China, Singapore enhance biz, trade ties

 

This photograph taken on June 14, 2021, shows people sitting next to a pond outside the Marina Bay Shoppes shopping center in Singapore. [Photo/Agencies]

China and Singapore’s economic and trade ties will be reinforced by high-level free trade deals in the coming years, effectively mitigating the impact of geoeconomic fragmentation and creating new investment opportunities in each other’s markets, said trade experts and business leaders on Monday.

They made the remarks after the two countries announced on Saturday that they had completed substantive negotiations on the upgrade of their bilateral free trade agreement. The objective of the upgrade is to improve market access for their companies, while also establishing more transparent and advanced economic practices.

With agreements signed by China’s Minister of Commerce Wang Wentao and Singapore’s Minister for Trade and Industry Gan Kim Yong, the two sides confirmed that there will be no rollback of opening-up measures in the services and investment sectors, and promised each other that their respective doors will only open wider, said the Ministry of Commerce.

The upgraded deal, once sealed, will show the world that business ties between China and Singapore are on course to upgrading to new heights amid both countries’ steadfast multilateral push for the regional integration of the Association of Southeast Asian Nations, said Gao Lingyun, a researcher at the Institute of World Economics and Politics, which is part of the Chinese Academy of Social Sciences in Beijing.

In addition to advancing preparations for the further enhancement of the ASEAN-China Free Trade Area — or the ACFTA 3.0 — this move will further upgrade the Regional Comprehensive Economic Partnership pact, said Guo Da, assistant president at the Haikou, Hainan province-based China Institute for Reform and Development.

It will also create favorable conditions for China to join the Comprehensive and Progressive Agreement for Trans-Pacific Partnership and the Digital Economy Partnership Agreement, of which Singapore is a member of both, Guo said.

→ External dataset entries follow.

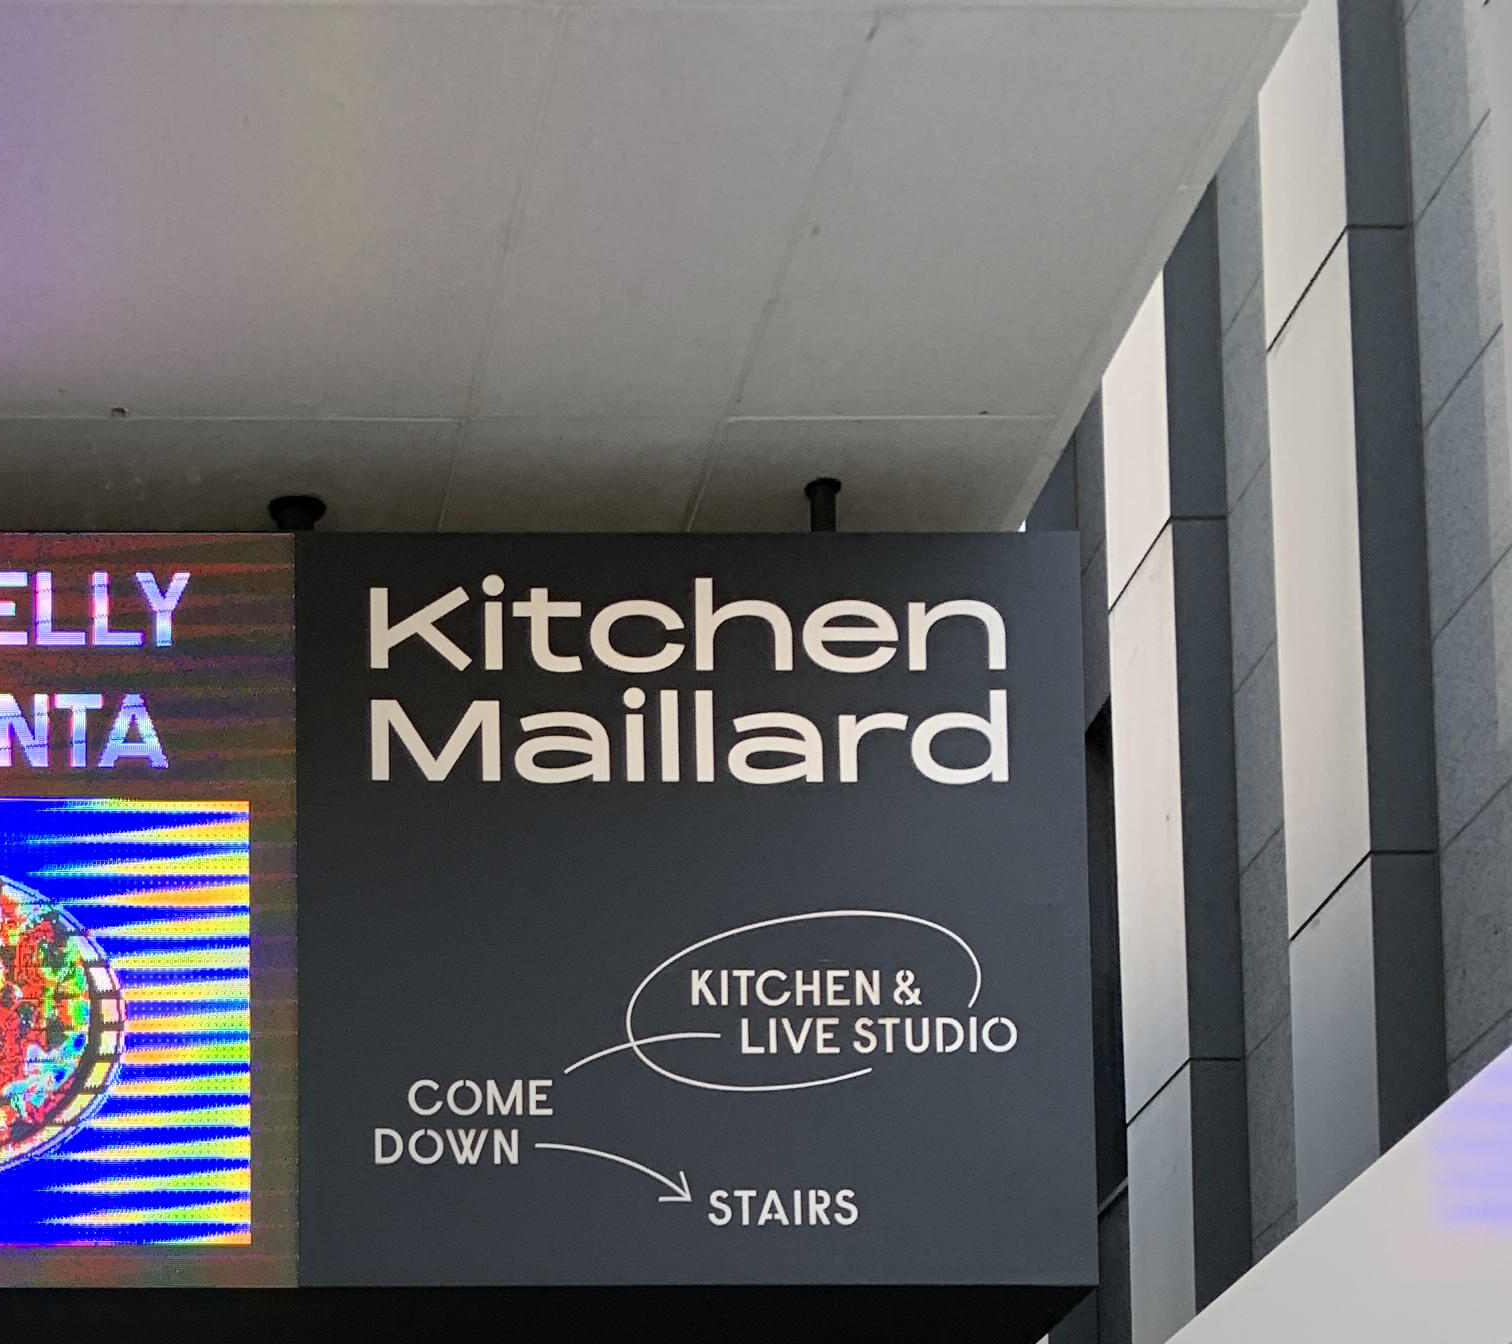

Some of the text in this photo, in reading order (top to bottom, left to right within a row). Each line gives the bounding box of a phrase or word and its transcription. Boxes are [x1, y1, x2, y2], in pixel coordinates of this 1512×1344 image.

[369, 574, 1007, 674] Kitchen
[370, 687, 1010, 785] Maillard
[691, 969, 922, 1007] KITCHEN &
[741, 1016, 1018, 1054] LIVE STUDIO
[407, 1079, 554, 1116] COME
[374, 1127, 519, 1165] DOWN
[708, 1189, 859, 1226] STAIRS

China’s commerce ministry said that the two countries will continue follow-up work related to legal review and translation of texts, and fulfil their respective domestic procedures to sign the agreement as soon as possible.

China and Singapore signed the FTA in 2008 and upgraded it in 2018.They upgraded the agreement again and launched subsequent negotiations to further liberalize services and investment based on a negativelist model in December 2020.

Driven by mega free trade deals such as the RCEP agreement, the growth of the Belt and Road Initiative and the New International Land-Sea Trade Corridor, China and Singapore saw their two-way trade value jump 22.8 percent year-on-year to $115.13 billion in 2022, said China’s General Administration of Customs.

From January to October 2022, Singapore’s investment in China reached $9.61 billion, up 15.7 percent year-on-year, while China’s investment in the Southeast Asian country amounted to $6.35 billion, surging 27.8 percent on a yearly basis, according to China’s Ministry of Foreign Affairs.

Boosted by growing trade and investment volume, China and Singapore will likely scale up trade and investment in fields like digital economy, “new infrastructure”, new energy and shipping in the next stage, said Zhang Jianping, head of the center for regional economic cooperation at the Chinese Academy of International Trade and Economic Cooperation.

China Energy Engineering Group Co Ltd, or Energy China, a Beijing-based State-owned enterprise, plans to invest more resources to expand its market share in green energy and new types of infrastructure in Singapore as well as other ASEAN member economies this year.

The Chinese company launched an energy storage project on Jurong Island in Singapore in December 2022. The project has a designed capacity of 200 megawatt-hours, the largest of its kind in Southeast Asia.

The project will help promote the transformation of Jurong Island into a sustainable chemical energy park in Singapore, and will help the city state achieve its carbon reduction targets as outlined in the Singapore Green Plan 2030, said Chen Xiaohua, Energy China’s vice-president.